*Task inputs*
*** Begin section ***

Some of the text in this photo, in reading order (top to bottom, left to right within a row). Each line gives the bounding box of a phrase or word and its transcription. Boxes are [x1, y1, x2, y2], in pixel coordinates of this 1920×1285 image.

*** End section ***
*** Begin section ***

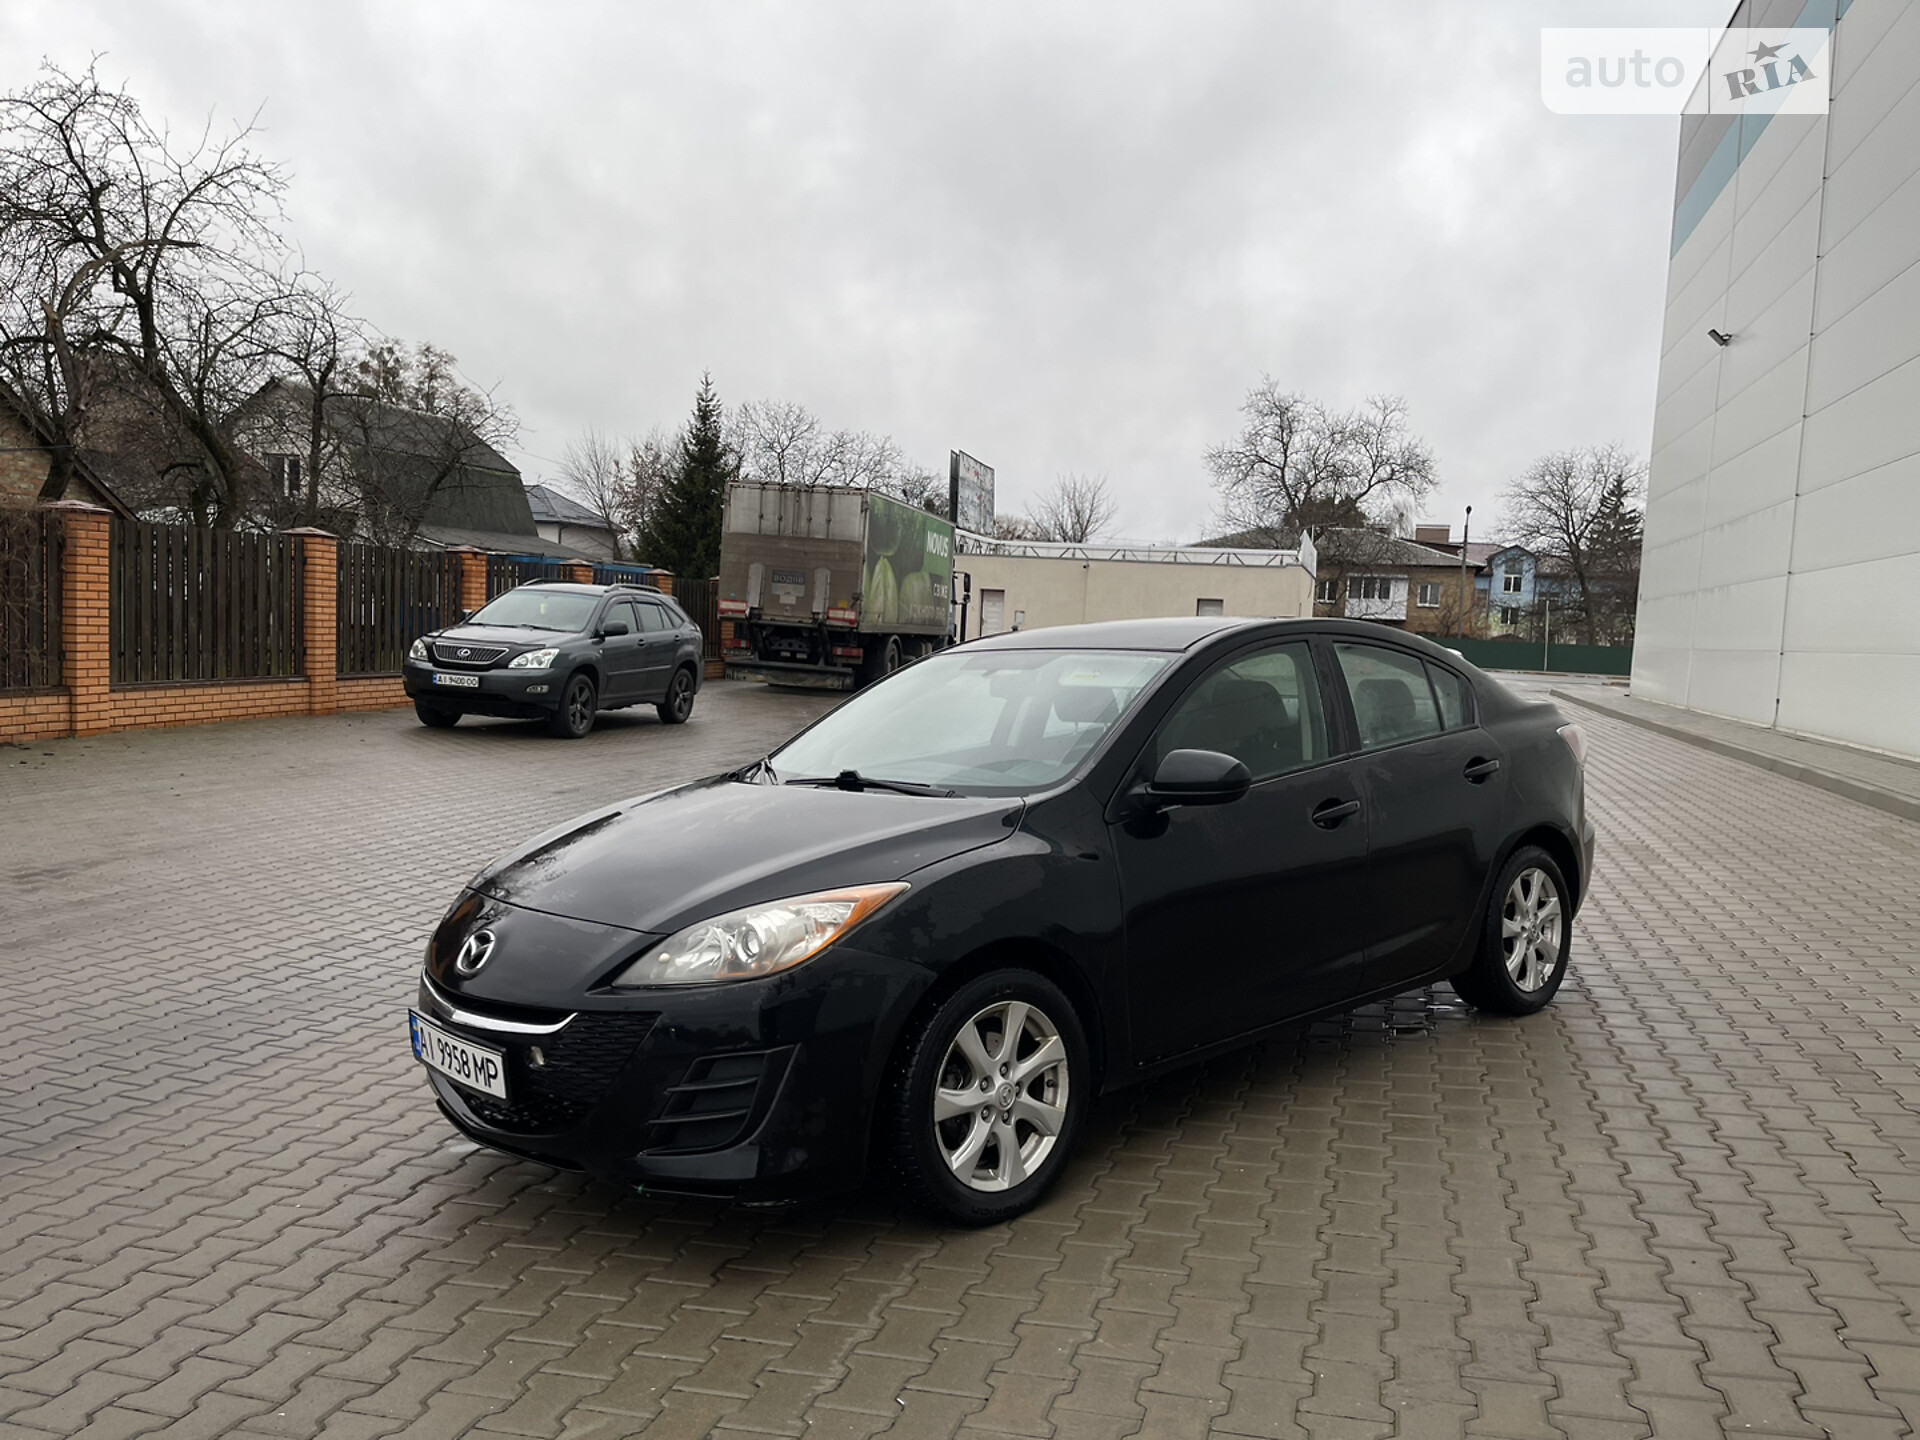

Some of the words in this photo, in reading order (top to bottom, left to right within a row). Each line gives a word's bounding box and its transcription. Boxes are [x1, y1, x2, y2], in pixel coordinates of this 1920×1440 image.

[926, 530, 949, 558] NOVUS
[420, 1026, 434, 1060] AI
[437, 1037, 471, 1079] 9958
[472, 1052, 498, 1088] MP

*** End section ***
*** Begin section ***

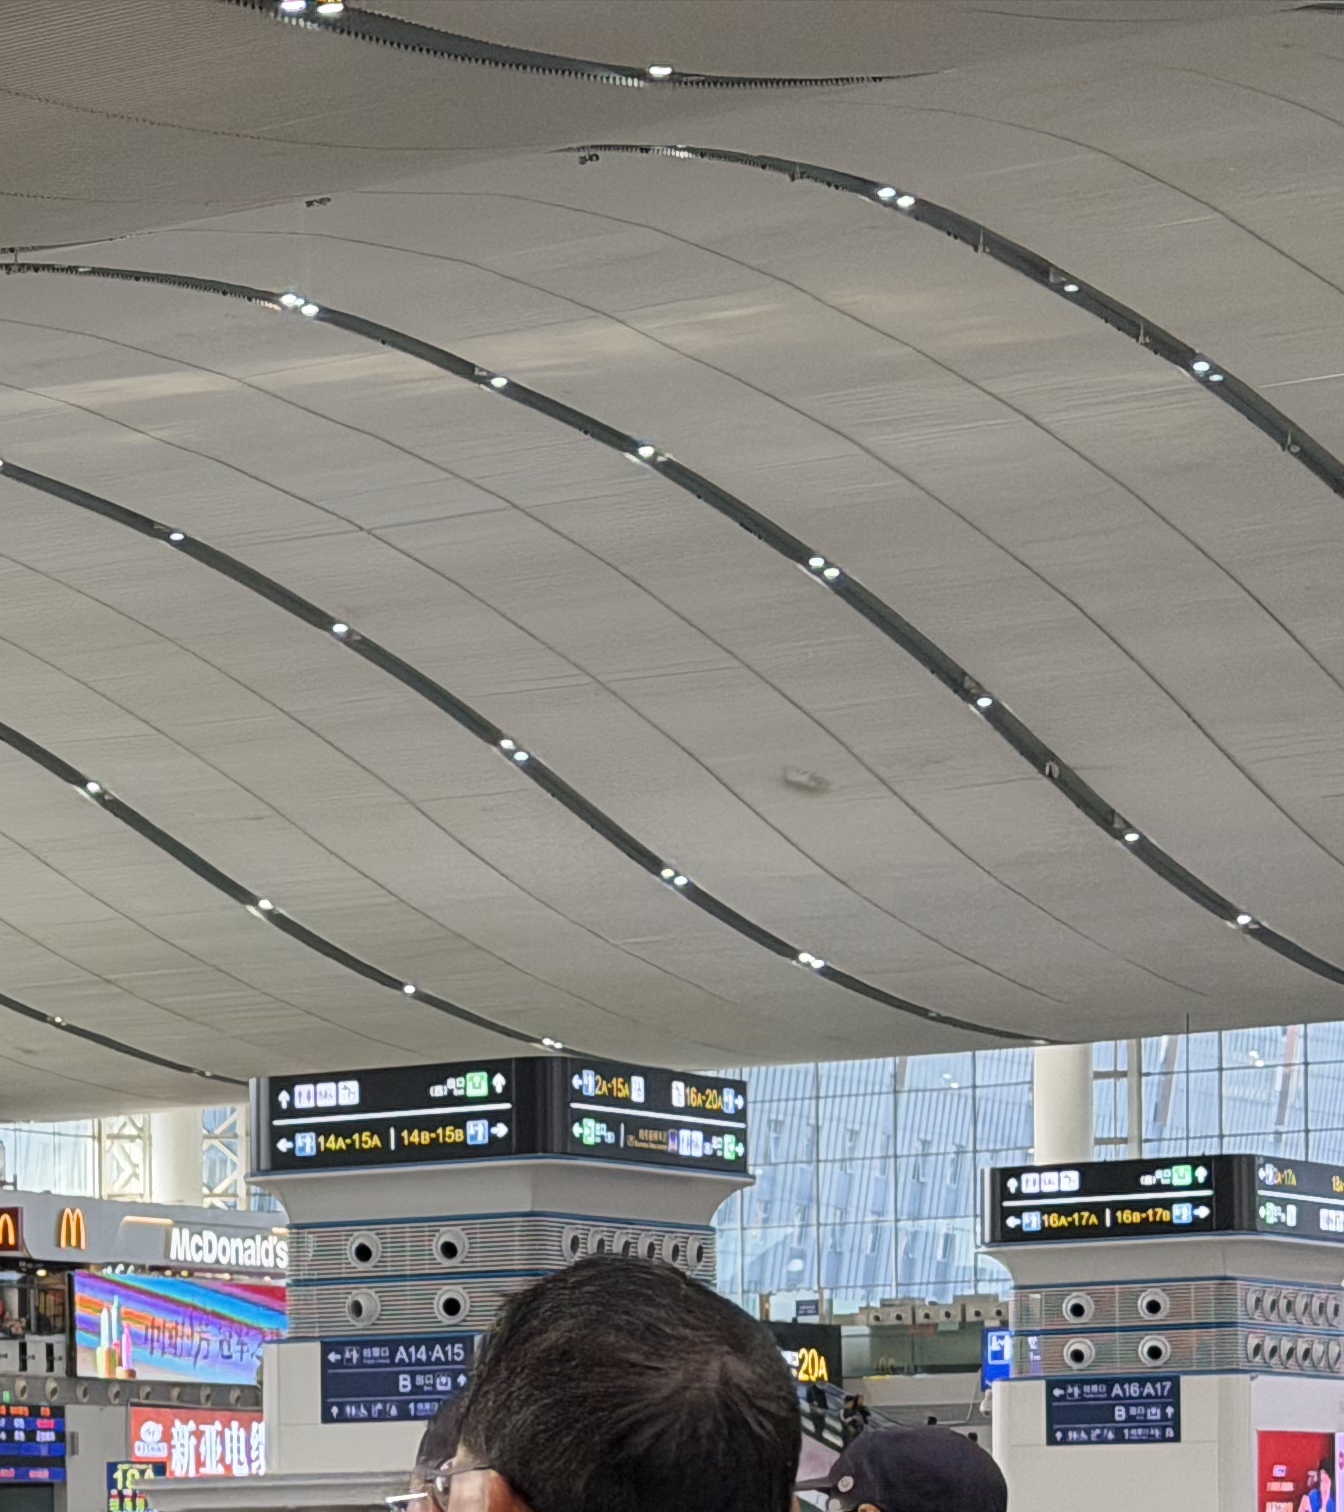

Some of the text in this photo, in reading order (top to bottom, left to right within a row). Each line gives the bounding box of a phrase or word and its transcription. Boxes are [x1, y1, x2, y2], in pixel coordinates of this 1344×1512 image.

*** End section ***

*Directions for this task*
Report each line above containing the string "phrase".

*Solution to this task*
Some of the text in this photo, in reading order (top to bottom, left to right within a row). Each line gives the bounding box of a phrase or word and its transcription. Boxes are [x1, y1, x2, y2], in pixel coordinates of this 1920×1285 image.
Some of the text in this photo, in reading order (top to bottom, left to right within a row). Each line gives the bounding box of a phrase or word and its transcription. Boxes are [x1, y1, x2, y2], in pixel coordinates of this 1344×1512 image.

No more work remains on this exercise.